Multistep traffic speed prediction: A deep learning based approach using latent space mapping considering spatio-temporal dependencies
Shatrughan Modi, Jhilik Bhattacharya, Prasenjit Basak

TL;DR
This paper introduces a deep learning approach that models both spatial and temporal dependencies in traffic data using latent space mapping, significantly improving multi-step traffic speed prediction accuracy.
Contribution
It develops a novel deep auto-encoder based model with latent space mapping to effectively incorporate spatio-temporal dependencies for traffic prediction.
Findings
Achieves more accurate 60-minute ahead traffic predictions
Outperforms existing machine learning and deep learning methods
Reduces prediction error in real-world traffic data
Abstract
Traffic management in a city has become a major problem due to the increasing number of vehicles on roads. Intelligent Transportation System (ITS) can help the city traffic managers to tackle the problem by providing accurate traffic forecasts.

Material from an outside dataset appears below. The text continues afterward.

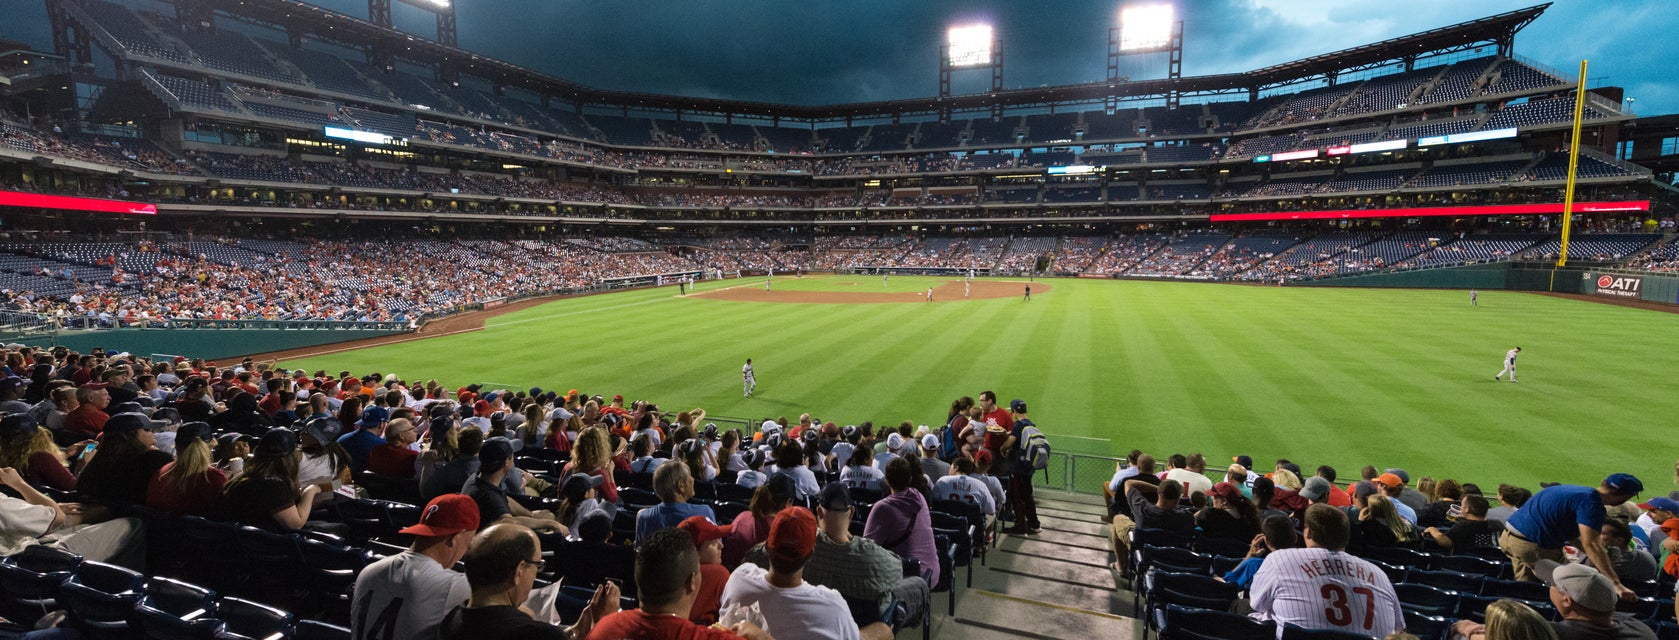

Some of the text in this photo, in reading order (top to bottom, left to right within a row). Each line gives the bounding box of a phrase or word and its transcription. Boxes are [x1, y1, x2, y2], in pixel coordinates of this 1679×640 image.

For this, ITS requires a reliable traffic prediction algorithm that can provide accurate traffic prediction at multiple time steps based on past and current traffic data. In recent years, a number of different methods for traffic prediction have been proposed which have proved their effectiveness in terms of accuracy. However, most of these methods have either considered spatial information or temporal information only and overlooked the effect of other. In this paper, to address the above problem a deep learning based approach has been developed using both the spatial and temporal dependencies. To consider spatio-temporal dependencies, nearby…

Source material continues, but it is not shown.